After a partially voluntary and partially involuntary hiatus, I am back in flight. After significant work commitments, then getting married with a honeymoon in Barcelona, ES, I am back in Sheffield, UK, the greenest city in England. As this project is currently unfunded, and solo, I’m updating things as-and-when.
I promised you some performance tests and here they are. I’m am perfectly satisfied with the installations of Ubuntu Linus 8.04.1 on blue-and-white G3s and 10.04 on grey-and-white Macs. As suspected, the GUI is a major burden on the system and opening a folder of about 3,000 jpeg images can take a full 5 minutes because of the overhad loading all the thumbnails.
The solution is simple. Don’t.
For my purposes this is no problem. I want to use these machines as workhorses and don’t need the GUI.
I’m going to be using FFmpeg to convert and compress a folder full of images into a movie. However, I came across a well-documented problem immediately. FFmpeg will not continue if a.) the first file is not numbered xxxxxx1 and will fail if there is a gap in the numbering.
Fortunately, I easily found a Bash script to sort this out, and I found it here:
http://stackoverflow.com/questions/2829113/ffmpeg-create-a-video-from-images
x=1; for i in *jpg; do counter=$(printf %03d $x); ln “$i” /tmp/img”$counter”.jpg; x=$(($x+1)); done
(Also see the revision below).
This works but note the format of the filename extensions is case-sensitive. Helpfully (not), the script just fails if you do not get this correct. It renames all the images in a folder beginning at xxxxxx1, so if you sequence does not, or it is missing one or more images in the middle, it will not cause FFmpeg to fail. I’ll deconstruct this script in a later blog post.
Even more usefully, Linux does not actually duplicate the binary files, it just creates link files which can be safely deleted afterwards.
These tests were done on a 1 GHz PowerMac G4 with 640 Mb RAM & 21 Gb HD.

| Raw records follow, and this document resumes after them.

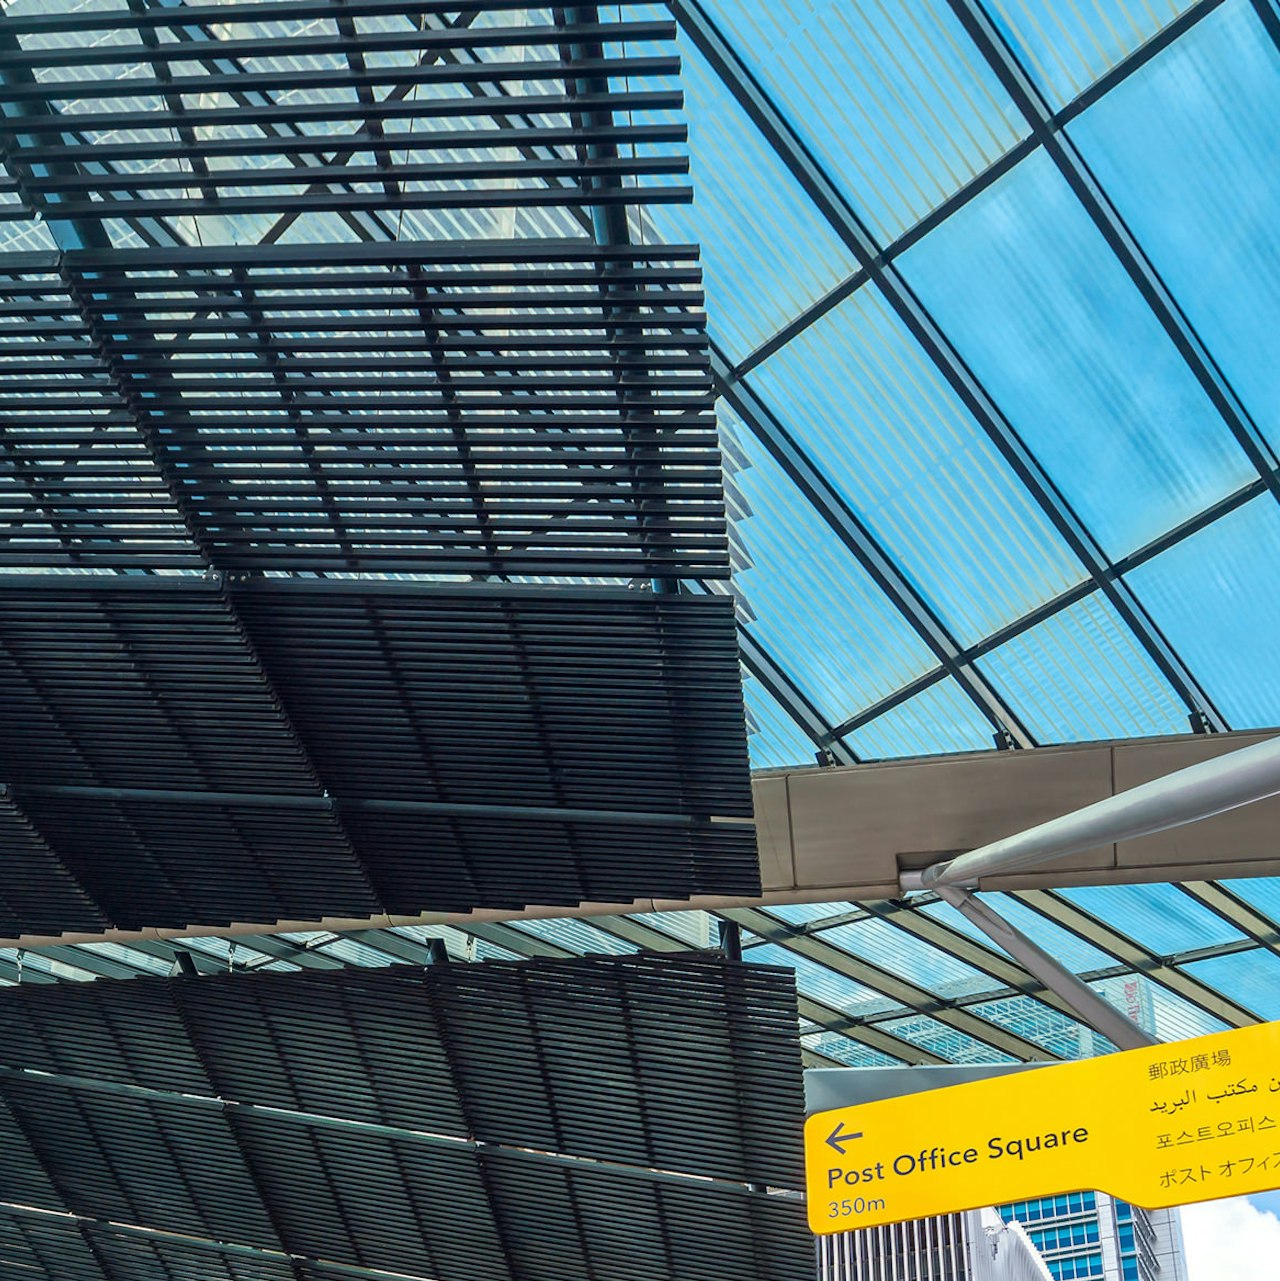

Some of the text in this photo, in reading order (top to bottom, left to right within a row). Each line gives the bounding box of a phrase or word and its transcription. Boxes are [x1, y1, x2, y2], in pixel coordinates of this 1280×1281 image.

[1148, 1050, 1232, 1080] 郵政廣場
[1149, 1089, 1196, 1116] البريد
[1206, 1078, 1258, 1100] مكتب
[1155, 1113, 1277, 1151] 포스트오피스
[827, 1123, 1089, 1188] Post Office Square
[827, 1196, 885, 1220] 350m

Rename 2933 files – 23 seconds
Using FFmpeg:
Encode jpeg files at 1600×1200 to mjpeg – approx 9 min 30 secs – 192.4 MB
Encode jpeg files at 1600×1200 to mjpeg – approx 8 min 11 secs – 192.4 MB
Encode jpeg files at 1600×1200 to mjpeg – approx 8 min 12 secs – 192.4 MB
Encode jpeg files at 640×480 to mjpeg AVI – approx 10 min 15 secs – 40.4 MB – atrocious quality
Encode jpeg files at 640×480 to mjpeg AVI – forgot to time it but similar – 199.5 MB – quality set to 1
This last set of tests was done whilst messing about within the GUI. I don’t really know enough about what is going on under the hood, but it seems that things slow down a lot and this might be due to caching thumbnails or, err, whatever. After a restart performance increased dramatically.

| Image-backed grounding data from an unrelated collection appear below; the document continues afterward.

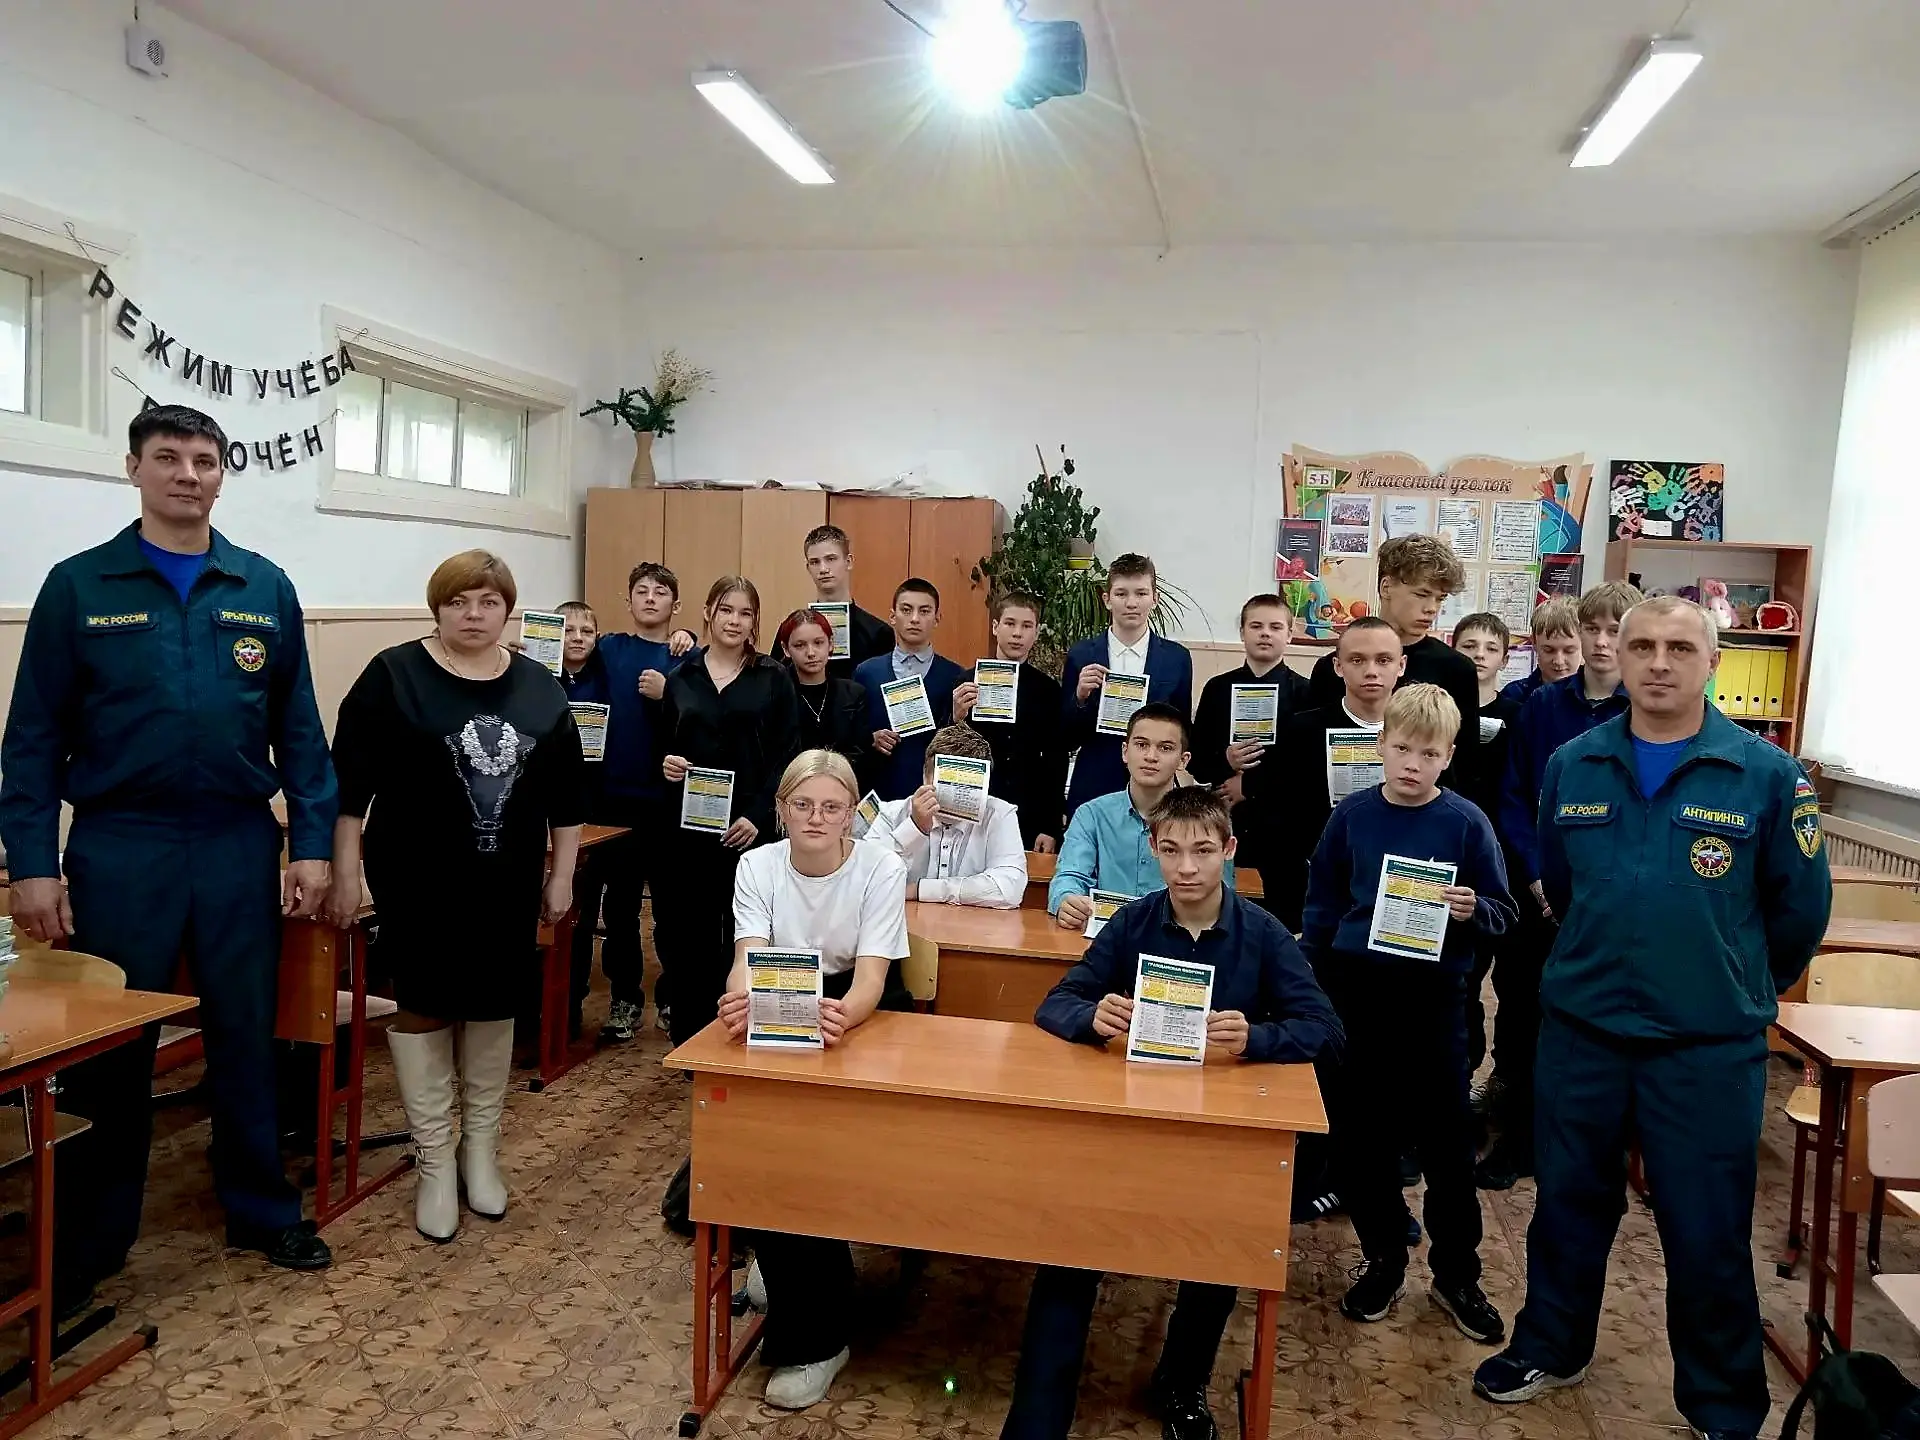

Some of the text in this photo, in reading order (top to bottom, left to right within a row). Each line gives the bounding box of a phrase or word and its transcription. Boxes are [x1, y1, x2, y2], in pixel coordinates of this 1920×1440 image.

[88, 268, 356, 400] РЕЖИМ УЧЁБА
[1308, 473, 1330, 486] 5-Б
[1356, 468, 1513, 495] Классный уголок
[89, 613, 148, 625] МЧС РОССИИ
[221, 611, 257, 623] ЯРЫГИН
[1577, 805, 1609, 815] РОССИИ
[1682, 806, 1731, 824] АНТИПИН
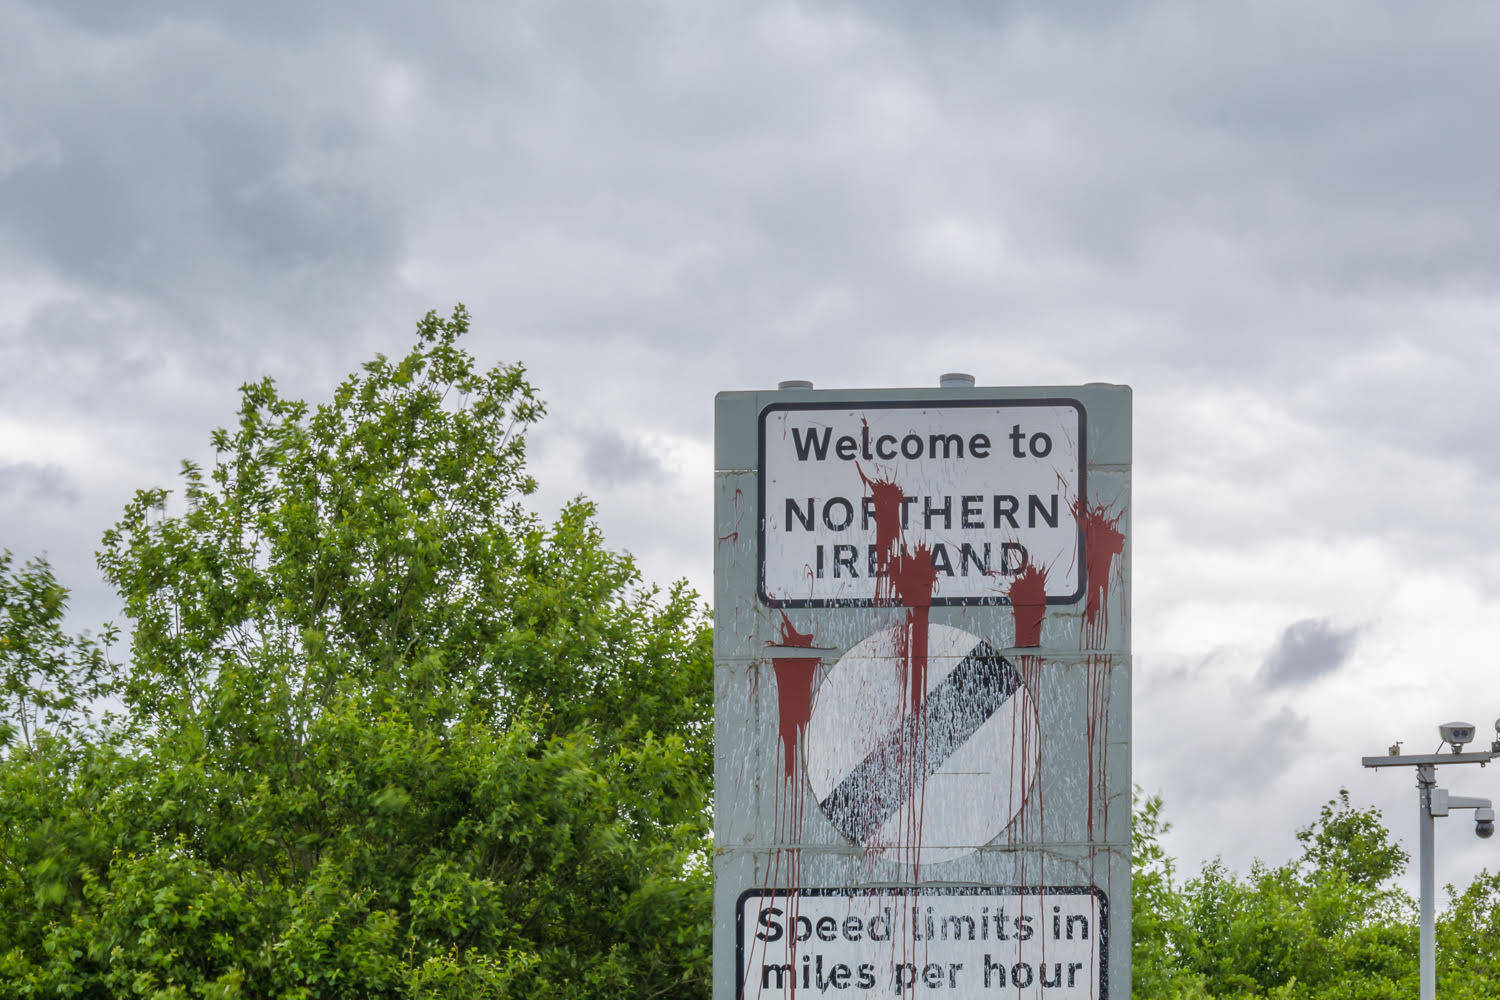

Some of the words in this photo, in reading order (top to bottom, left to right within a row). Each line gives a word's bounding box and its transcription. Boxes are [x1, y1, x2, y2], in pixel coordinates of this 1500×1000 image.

[791, 426, 991, 461] Welcome
[1009, 424, 1053, 459] to
[816, 542, 1030, 578] IREAND
[756, 906, 893, 947] Speed
[912, 906, 1034, 941] limits
[1053, 905, 1089, 940] in
[761, 954, 877, 991] miles
[894, 962, 963, 996] per
[984, 954, 1083, 990] hour

Rename 2,933 items – 1’05’’
Rename 2,933 items – 1’12’’
Rename 2,933 items – 0’20’’ (after restart)
For my purposes the performance seems acceptable at this stage.

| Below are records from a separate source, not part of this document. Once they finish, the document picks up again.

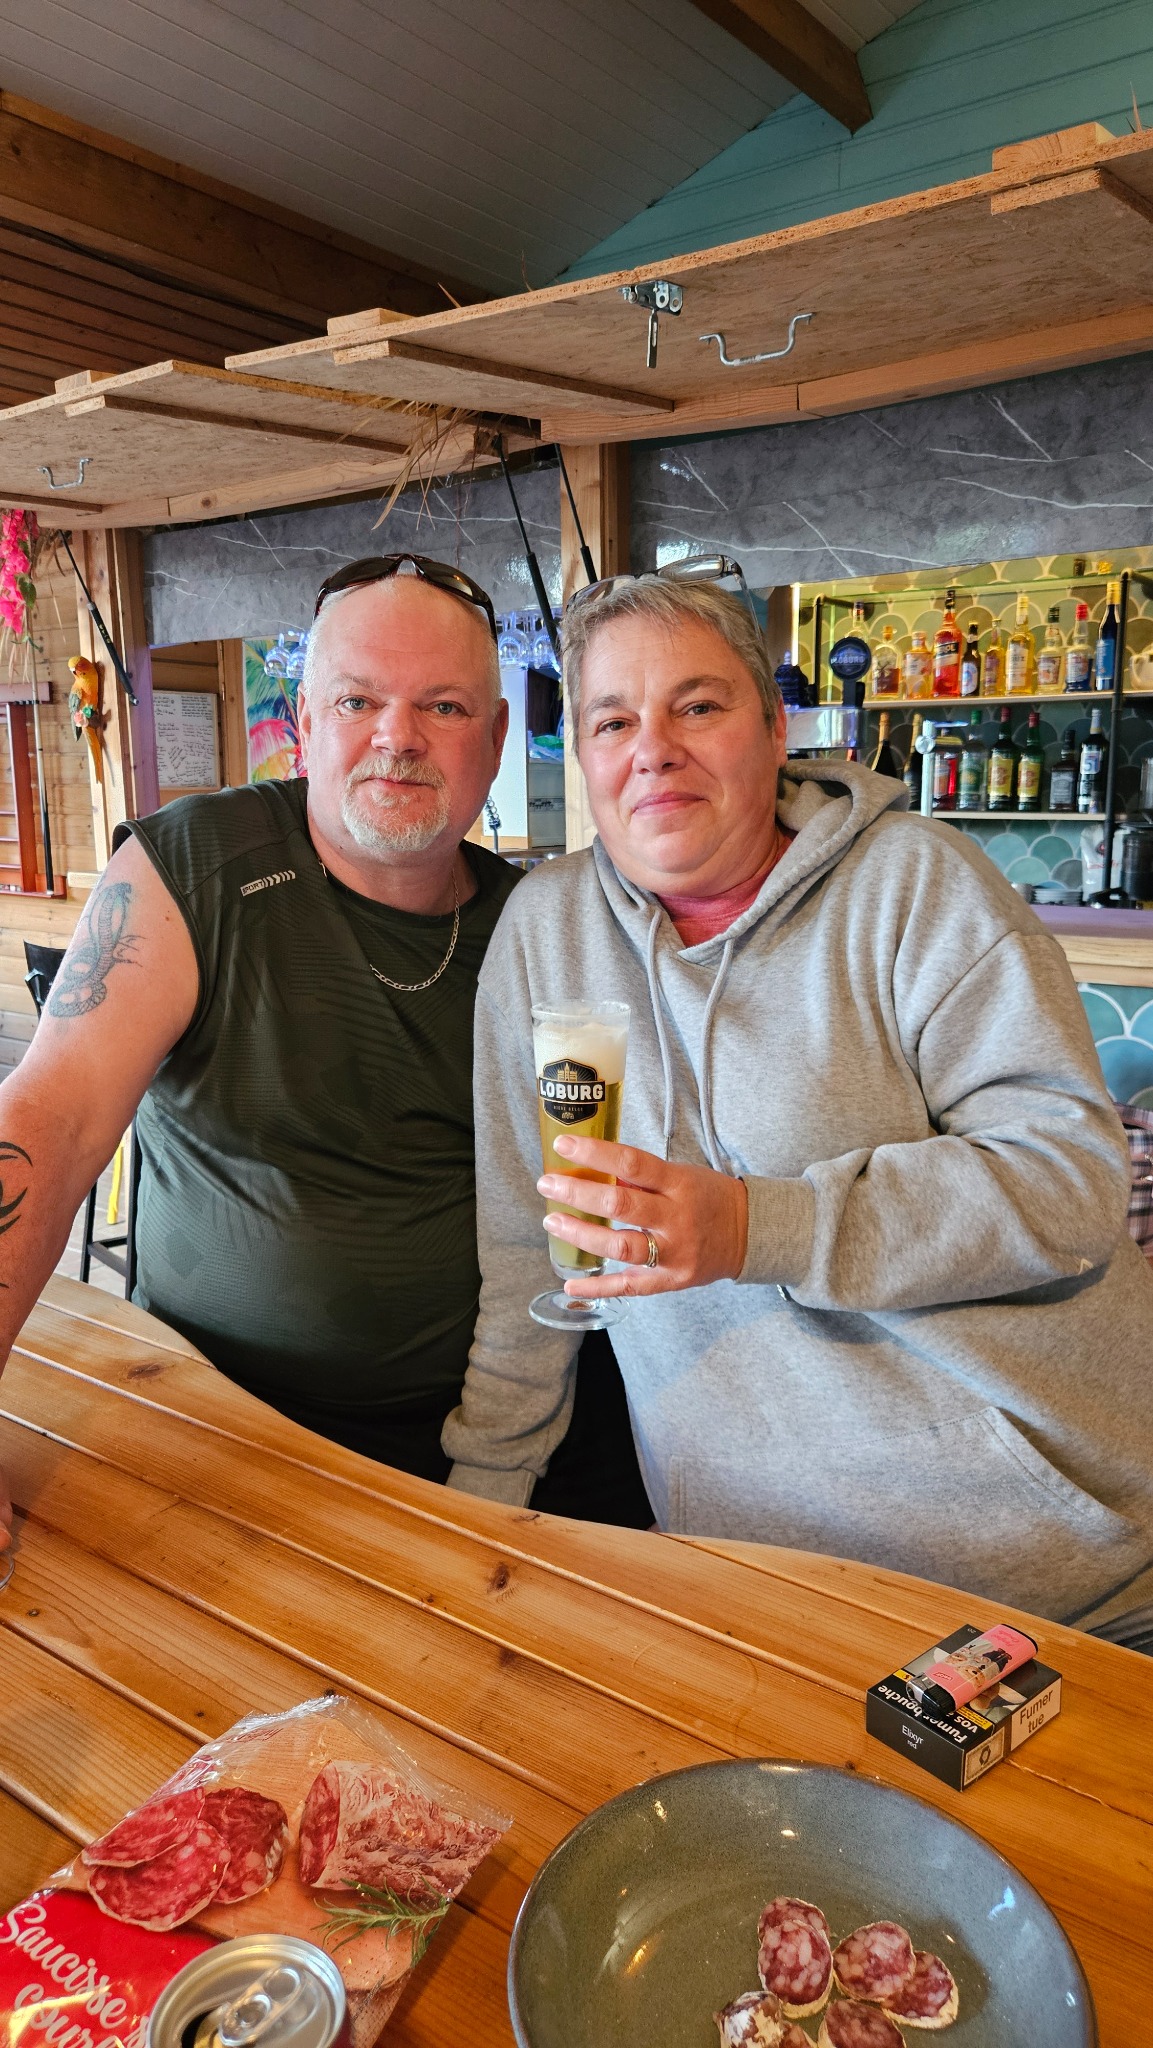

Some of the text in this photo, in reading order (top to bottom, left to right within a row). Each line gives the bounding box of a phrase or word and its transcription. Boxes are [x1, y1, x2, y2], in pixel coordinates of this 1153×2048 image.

[540, 1079, 604, 1101] LOBURG
[877, 1684, 923, 1718] bouche
[1020, 1689, 1054, 1725] Fumer
[901, 1724, 924, 1745] Elixyr
[954, 1715, 979, 1733] vos
[1027, 1713, 1045, 1734] tue
[0, 1902, 128, 2029] Saucisse

One other revision I had to make was to compensate for the original file numbering restarting. Canon Powershot cameras create jpeg images with filenames of the format “IMG_xxxx.JPG” and shooting timelapse with them quickly reaches numbers in excess of 9,999. For consumer-level snap cameras, this number is probably well in excess of a normal user’s needs but I can easily shoot that many in one day. Consequently, the image numbers cannot solely be relied upon to reference the images in the correct chronological order, hence this revision which sorts them into creation order before renaming.
x=1; for i in $(ls -t -r *JPG); do counter=$(printf %04d $x); ln “$i” /Users/richardbolam/Desktop/testout/img_”$counter”.jpg; x=$(($x+1)); done
I’m still a bit of a noob when it comes to Bash scripting, but I will write another post soon that disassembles these scripts, partly for your benefit, but also to help me learn more about what I’m doing. This script was revised with the invaluable help of the technical staff at Access Space. Stay tuned.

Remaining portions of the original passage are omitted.